Nissabouri a quitté les Beaux-Arts

«Personne n’a voulu y croire, et comme la nouvelle est tombée le premier de ce mois-ci, nous avons tous pensé à un poisson d’avril ! » C’est ainsi qu’une étudiante de l’Ecole des Beaux-Arts de Casablanca commente le départ de Mostapha Nissabouri. Ce poisson d’avril aura un goût amer pour le peintre Farid Belkahia. Ce dernier se rend, comme il en a l’habitude chaque fois qu’il se trouve à Casablanca, à l’école, sise boulevard Errachidi. Il franchit la lourde porte lorsqu’un homme l’interpelle. Il lui barre méchamment la route et s’informe, « à la limite de l’agression » précise le peintre, de l’objet de sa visite. « Je viens voir le directeur Mostapha Nissabouri », balbutie alors, à moitié abasourdi par l’agressivité de son vis-à-vis, Farid Belkahia. «Il ne travaille plus ici !», réplique sèchement la personne qui s’est interposée entre le peintre et le bâtiment où se trouve le bureau du directeur. Quelques enseignants accourent vers Farid Belkahia, qui a été directeur de l’Ecole des Beaux-Arts pendant les années 60, et le consolent de cette déconvenue. « Je me renseigne sur l’identité de la personne qui s’est jetée sur moi, et l’on me dit que c’est un vigile. C’est la première fois que je vois un vigile à l’Ecole des Beaux-Arts ! », s’exclame le peintre.
« Un vigile dans cet établissement? je suis très surpris de l’apprendre !», s’étonne Abderrahim Jabbrani, le nouvel homme fort de l’Ecole des Beaux-Arts de Casablanca. Il admet certes l’existence d’un portier dont la mission consiste également à s’enquérir auprès des visiteurs de l’objet de leur visite, mais rien n’a changé à l’école depuis qu’il a repris ses fonctions. Car en effet, Abderrahim Jabbrani était à la tête de cette école avant la nomination de Mostapha Nissabouri par Driss Benhima, l’ancien wali du Grand Casablanca.  L’ancien-nouveau directeur avait alors occupé le poste de conseiller culturel auprès du wali. Il estime tout à fait normal de reprendre son poste à la tête des Beaux-Arts, puisqu’il n’a jamais été démis de ses fonctions de directeur. Mostapha Nissabouri ne veut pas de son côté s’exprimer sur les raisons de son départ. « C’est une page tournée ! », commente-t-il laconiquement. « Quand j’étais directeur de l’Ecole des Beaux-Arts, j’ai accompli ma mission. A partir du moment où les conditions de travail ne sont plus réunies, il ne me reste qu’à partir », ajoute-t-il. Nissabouri précise toutefois qu’il est parti de son plein gré. Mais quelles sont les conditions dont il déplore qu’elles ne soient pas réunies ? Selon Abderrahim Jabbrani, Nissaouri était contraint de partir, du moment que sa situation administrative n’a pas pu être régularisée à l’école en raison de son statut de retraité de l’ONE.

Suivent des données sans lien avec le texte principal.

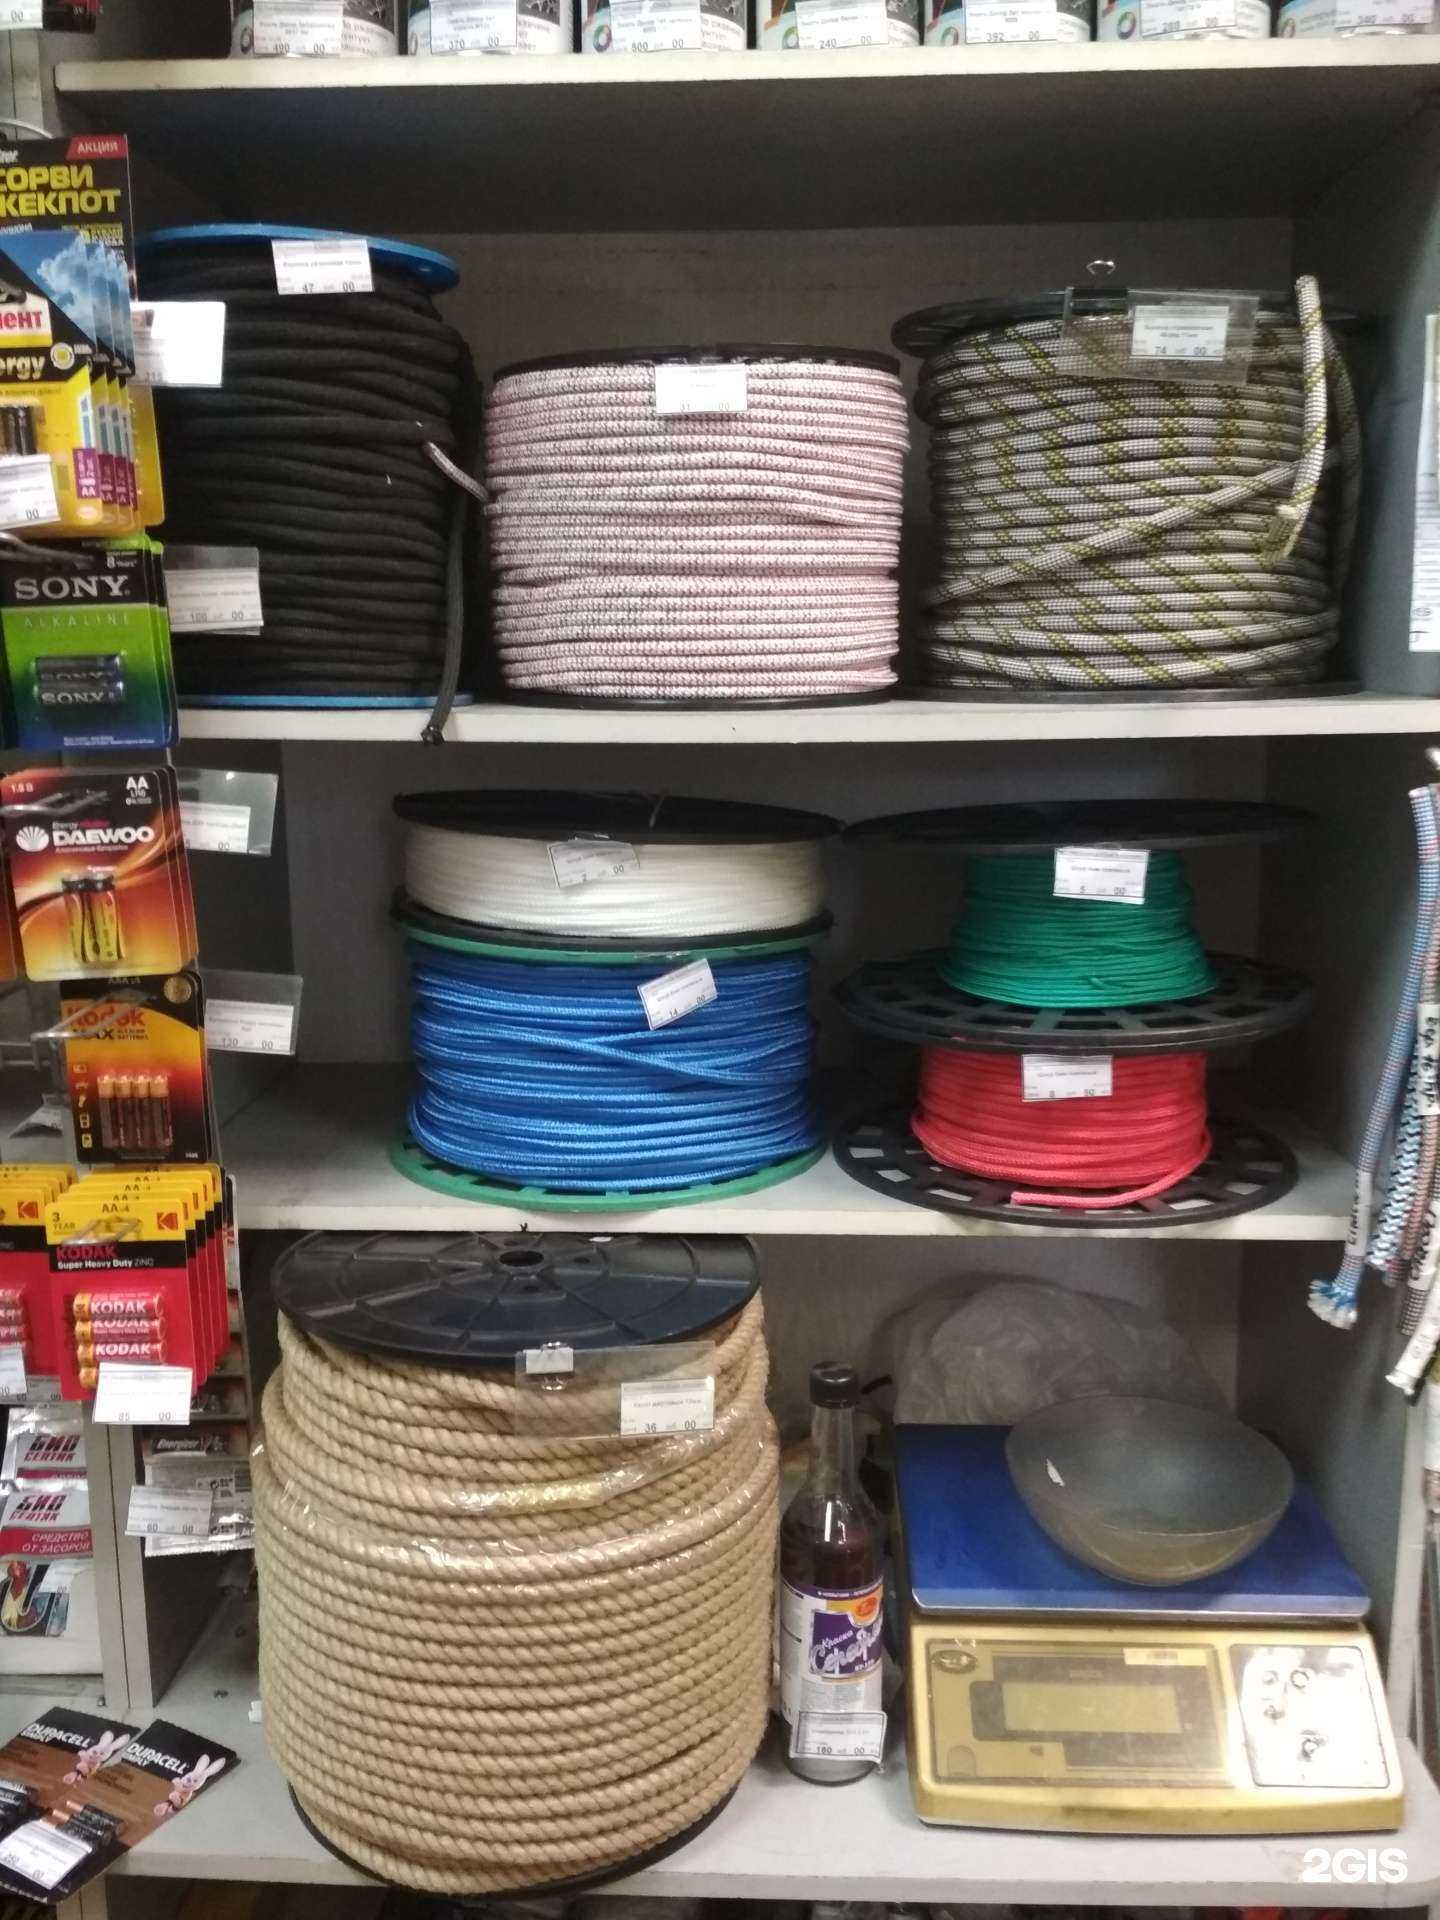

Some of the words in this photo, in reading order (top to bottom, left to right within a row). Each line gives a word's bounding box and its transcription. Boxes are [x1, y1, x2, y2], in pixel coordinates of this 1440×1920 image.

[77, 141, 118, 154] АКЦИЯ
[14, 575, 129, 601] SONY
[24, 613, 130, 627] ALKALINE
[41, 691, 104, 704] SONY
[126, 775, 148, 790] AA
[52, 825, 155, 846] DAEWOO
[102, 1203, 118, 1213] AA
[52, 1212, 61, 1222] 3
[57, 1260, 83, 1270] Super
[84, 1258, 111, 1269] Heavy
[112, 1257, 134, 1267] Duty
[90, 1300, 147, 1314] KODAK
[95, 1343, 151, 1356] KODAK
[30, 1434, 81, 1452] БИО
[16, 1494, 68, 1511] БИО
[31, 1531, 88, 1543] СРЕДСТВО
[22, 1544, 39, 1552] ОТ
[26, 1723, 92, 1749] DURACELL
[126, 1742, 188, 1775] DURACELL
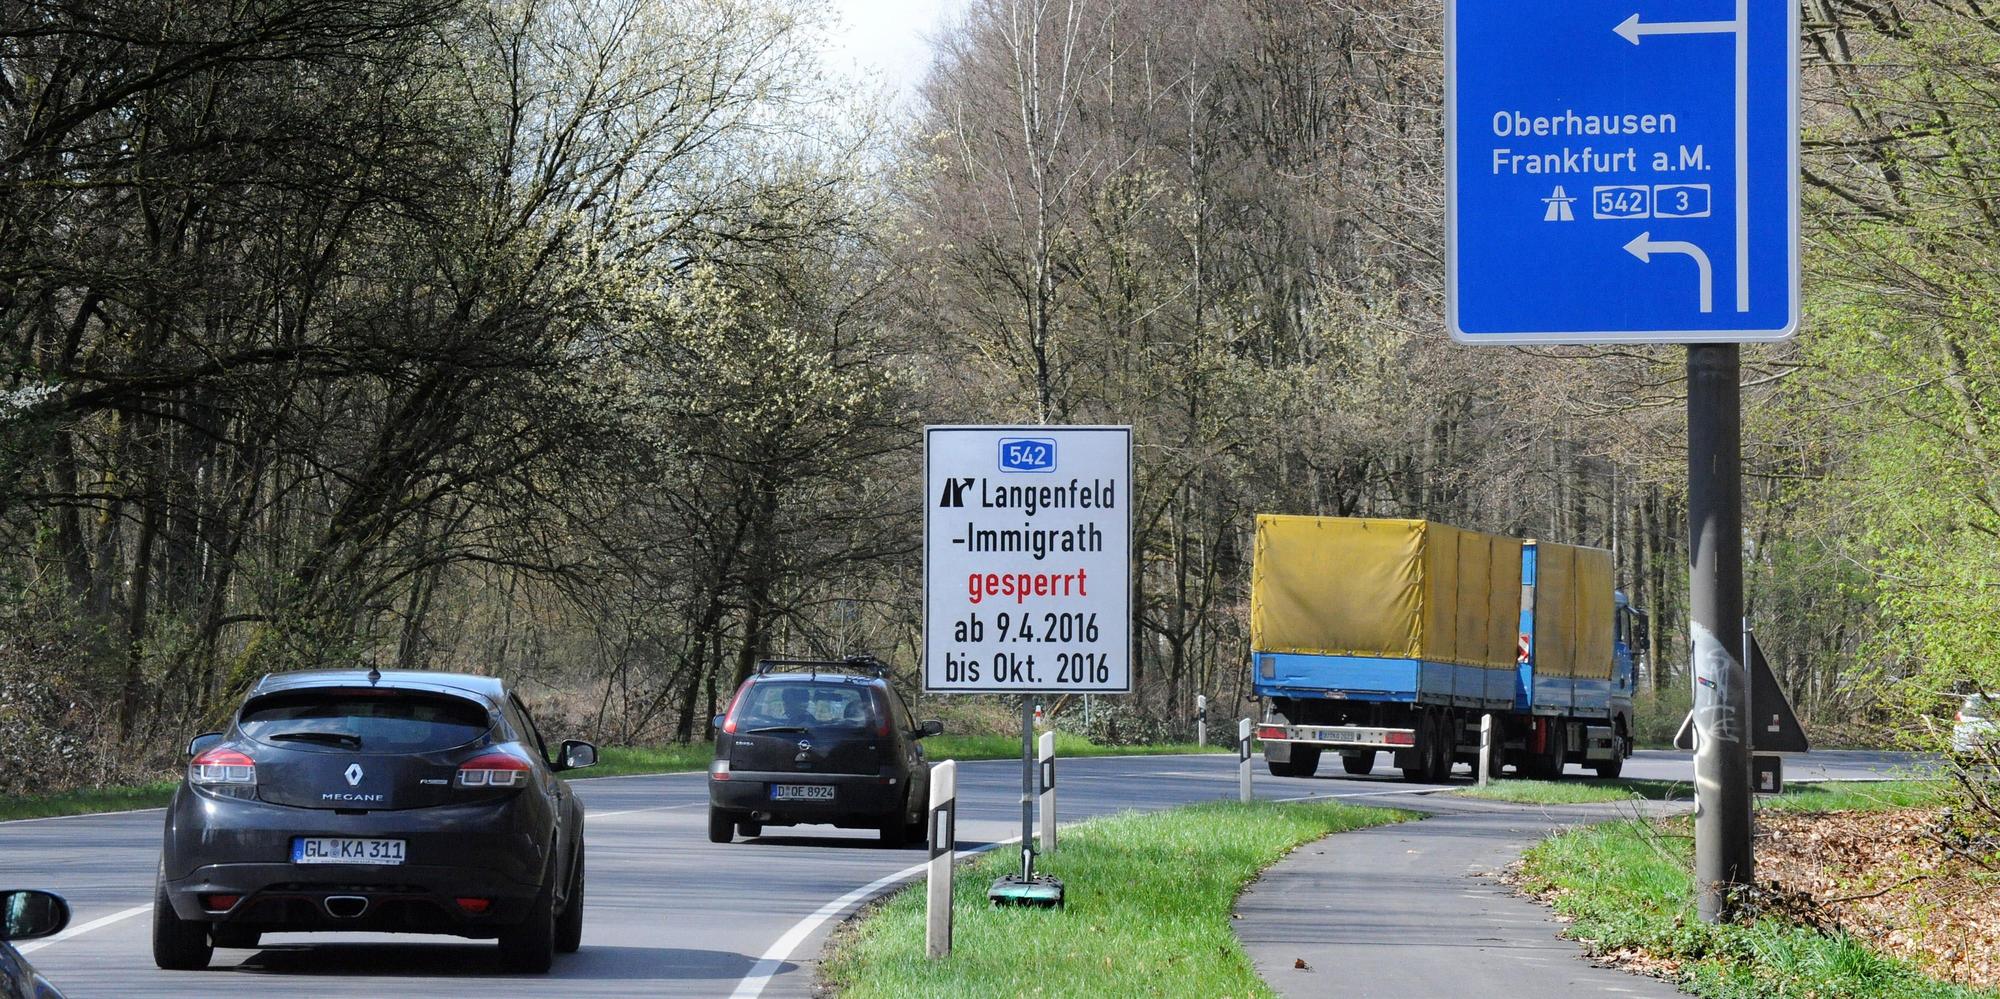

Le nouveau directeur ajoute que le fait d’avoir pu porter, pendant près d’un an et demi, un regard extérieur sur l’école lui a permis de se rendre compte de l’urgence qu’il y a à faire de cet établissement « un phare de la culturel » à Casablanca. « L’impact de l’école n’est pas assez perceptible dans la ville. Il faut l’ouvrir davantage sur son environnement », dit-il. Pourtant, l’on ne pourra pas faire le reproche à Nissabouri de n’avoir pas initié des actions dans la ville. La dernière en date est le superbe projet dans les anciens abattoirs de Casablanca. Avec l’artiste Georges Rousse, les étudiants ont pu travailler avec un professionnel dans un espace propice à la création plastique. Ces mêmes étudiants regrettent pour la plupart le départ de Mostapha Nissabouri. « On aurait aimé qu’il termine au moins l’année avec nous », dit l’un d’eux. « Il était toujours à l’écoute. On se sentait libre de faire et de créer avec lui. C’est cette liberté qui nous manquera le plus », affirme de son côté une étudiante. Au nouveau directeur de prêter donc une écoute attentive aux attentes de ses étudiants et surtout d’œuvrer à la restructuration de cette école dont tout le monde attend qu’elle change le paysage artistique à Casablanca.